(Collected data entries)
========

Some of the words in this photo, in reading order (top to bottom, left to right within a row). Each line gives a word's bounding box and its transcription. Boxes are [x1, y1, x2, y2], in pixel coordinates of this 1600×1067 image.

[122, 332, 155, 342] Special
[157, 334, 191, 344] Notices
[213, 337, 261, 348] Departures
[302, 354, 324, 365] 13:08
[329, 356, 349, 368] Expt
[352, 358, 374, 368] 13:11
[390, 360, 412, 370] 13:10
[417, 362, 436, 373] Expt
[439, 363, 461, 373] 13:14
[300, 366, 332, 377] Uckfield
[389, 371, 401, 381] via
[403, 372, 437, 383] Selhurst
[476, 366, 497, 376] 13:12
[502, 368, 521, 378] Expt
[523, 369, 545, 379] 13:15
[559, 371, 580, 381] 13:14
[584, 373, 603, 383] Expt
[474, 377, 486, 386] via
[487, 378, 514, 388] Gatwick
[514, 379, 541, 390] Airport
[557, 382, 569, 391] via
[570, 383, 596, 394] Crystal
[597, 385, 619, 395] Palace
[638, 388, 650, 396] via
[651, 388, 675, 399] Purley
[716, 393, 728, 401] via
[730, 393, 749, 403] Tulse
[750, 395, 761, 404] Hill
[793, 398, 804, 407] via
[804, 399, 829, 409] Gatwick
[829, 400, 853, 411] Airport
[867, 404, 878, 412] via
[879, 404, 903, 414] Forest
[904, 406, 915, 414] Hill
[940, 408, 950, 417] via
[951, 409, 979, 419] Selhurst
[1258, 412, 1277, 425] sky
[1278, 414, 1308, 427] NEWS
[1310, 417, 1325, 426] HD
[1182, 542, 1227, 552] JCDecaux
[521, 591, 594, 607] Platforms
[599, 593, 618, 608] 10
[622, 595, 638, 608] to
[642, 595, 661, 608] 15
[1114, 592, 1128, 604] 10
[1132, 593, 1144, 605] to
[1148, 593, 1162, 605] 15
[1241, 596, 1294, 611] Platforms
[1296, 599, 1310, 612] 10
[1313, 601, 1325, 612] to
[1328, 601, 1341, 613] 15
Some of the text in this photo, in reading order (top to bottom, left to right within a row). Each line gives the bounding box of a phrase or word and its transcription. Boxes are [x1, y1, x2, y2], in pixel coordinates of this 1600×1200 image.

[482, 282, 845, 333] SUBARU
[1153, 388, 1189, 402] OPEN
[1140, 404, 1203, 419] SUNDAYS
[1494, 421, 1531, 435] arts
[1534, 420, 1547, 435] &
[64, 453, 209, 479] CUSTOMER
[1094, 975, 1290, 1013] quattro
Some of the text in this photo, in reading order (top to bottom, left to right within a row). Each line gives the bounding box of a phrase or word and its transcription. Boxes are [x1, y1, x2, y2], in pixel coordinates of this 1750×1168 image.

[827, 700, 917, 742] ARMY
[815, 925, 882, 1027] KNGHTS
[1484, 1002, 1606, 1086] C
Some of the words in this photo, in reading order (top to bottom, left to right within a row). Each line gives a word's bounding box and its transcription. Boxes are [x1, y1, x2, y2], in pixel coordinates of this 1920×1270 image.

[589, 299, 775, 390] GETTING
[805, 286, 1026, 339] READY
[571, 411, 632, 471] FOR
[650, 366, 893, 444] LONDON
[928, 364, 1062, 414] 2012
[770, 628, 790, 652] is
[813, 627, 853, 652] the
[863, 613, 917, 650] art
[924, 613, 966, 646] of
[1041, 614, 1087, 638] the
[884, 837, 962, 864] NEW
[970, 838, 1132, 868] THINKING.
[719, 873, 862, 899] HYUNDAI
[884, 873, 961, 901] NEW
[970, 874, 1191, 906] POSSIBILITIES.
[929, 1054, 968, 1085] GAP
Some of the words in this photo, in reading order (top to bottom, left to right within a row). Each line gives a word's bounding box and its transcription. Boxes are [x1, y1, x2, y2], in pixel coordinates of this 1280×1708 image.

========

*Action item*: Would you please copy every line of the data exactly?

*Output of the task*:
Some of the words in this photo, in reading order (top to bottom, left to right within a row). Each line gives a word's bounding box and its transcription. Boxes are [x1, y1, x2, y2], in pixel coordinates of this 1600×1067 image.

[122, 332, 155, 342] Special
[157, 334, 191, 344] Notices
[213, 337, 261, 348] Departures
[302, 354, 324, 365] 13:08
[329, 356, 349, 368] Expt
[352, 358, 374, 368] 13:11
[390, 360, 412, 370] 13:10
[417, 362, 436, 373] Expt
[439, 363, 461, 373] 13:14
[300, 366, 332, 377] Uckfield
[389, 371, 401, 381] via
[403, 372, 437, 383] Selhurst
[476, 366, 497, 376] 13:12
[502, 368, 521, 378] Expt
[523, 369, 545, 379] 13:15
[559, 371, 580, 381] 13:14
[584, 373, 603, 383] Expt
[474, 377, 486, 386] via
[487, 378, 514, 388] Gatwick
[514, 379, 541, 390] Airport
[557, 382, 569, 391] via
[570, 383, 596, 394] Crystal
[597, 385, 619, 395] Palace
[638, 388, 650, 396] via
[651, 388, 675, 399] Purley
[716, 393, 728, 401] via
[730, 393, 749, 403] Tulse
[750, 395, 761, 404] Hill
[793, 398, 804, 407] via
[804, 399, 829, 409] Gatwick
[829, 400, 853, 411] Airport
[867, 404, 878, 412] via
[879, 404, 903, 414] Forest
[904, 406, 915, 414] Hill
[940, 408, 950, 417] via
[951, 409, 979, 419] Selhurst
[1258, 412, 1277, 425] sky
[1278, 414, 1308, 427] NEWS
[1310, 417, 1325, 426] HD
[1182, 542, 1227, 552] JCDecaux
[521, 591, 594, 607] Platforms
[599, 593, 618, 608] 10
[622, 595, 638, 608] to
[642, 595, 661, 608] 15
[1114, 592, 1128, 604] 10
[1132, 593, 1144, 605] to
[1148, 593, 1162, 605] 15
[1241, 596, 1294, 611] Platforms
[1296, 599, 1310, 612] 10
[1313, 601, 1325, 612] to
[1328, 601, 1341, 613] 15
Some of the text in this photo, in reading order (top to bottom, left to right within a row). Each line gives the bounding box of a phrase or word and its transcription. Boxes are [x1, y1, x2, y2], in pixel coordinates of this 1600×1200 image.

[482, 282, 845, 333] SUBARU
[1153, 388, 1189, 402] OPEN
[1140, 404, 1203, 419] SUNDAYS
[1494, 421, 1531, 435] arts
[1534, 420, 1547, 435] &
[64, 453, 209, 479] CUSTOMER
[1094, 975, 1290, 1013] quattro
Some of the text in this photo, in reading order (top to bottom, left to right within a row). Each line gives the bounding box of a phrase or word and its transcription. Boxes are [x1, y1, x2, y2], in pixel coordinates of this 1750×1168 image.

[827, 700, 917, 742] ARMY
[815, 925, 882, 1027] KNGHTS
[1484, 1002, 1606, 1086] C
Some of the words in this photo, in reading order (top to bottom, left to right within a row). Each line gives a word's bounding box and its transcription. Boxes are [x1, y1, x2, y2], in pixel coordinates of this 1920×1270 image.

[589, 299, 775, 390] GETTING
[805, 286, 1026, 339] READY
[571, 411, 632, 471] FOR
[650, 366, 893, 444] LONDON
[928, 364, 1062, 414] 2012
[770, 628, 790, 652] is
[813, 627, 853, 652] the
[863, 613, 917, 650] art
[924, 613, 966, 646] of
[1041, 614, 1087, 638] the
[884, 837, 962, 864] NEW
[970, 838, 1132, 868] THINKING.
[719, 873, 862, 899] HYUNDAI
[884, 873, 961, 901] NEW
[970, 874, 1191, 906] POSSIBILITIES.
[929, 1054, 968, 1085] GAP
Some of the words in this photo, in reading order (top to bottom, left to right within a row). Each line gives a word's bounding box and its transcription. Boxes are [x1, y1, x2, y2], in pixel coordinates of this 1280×1708 image.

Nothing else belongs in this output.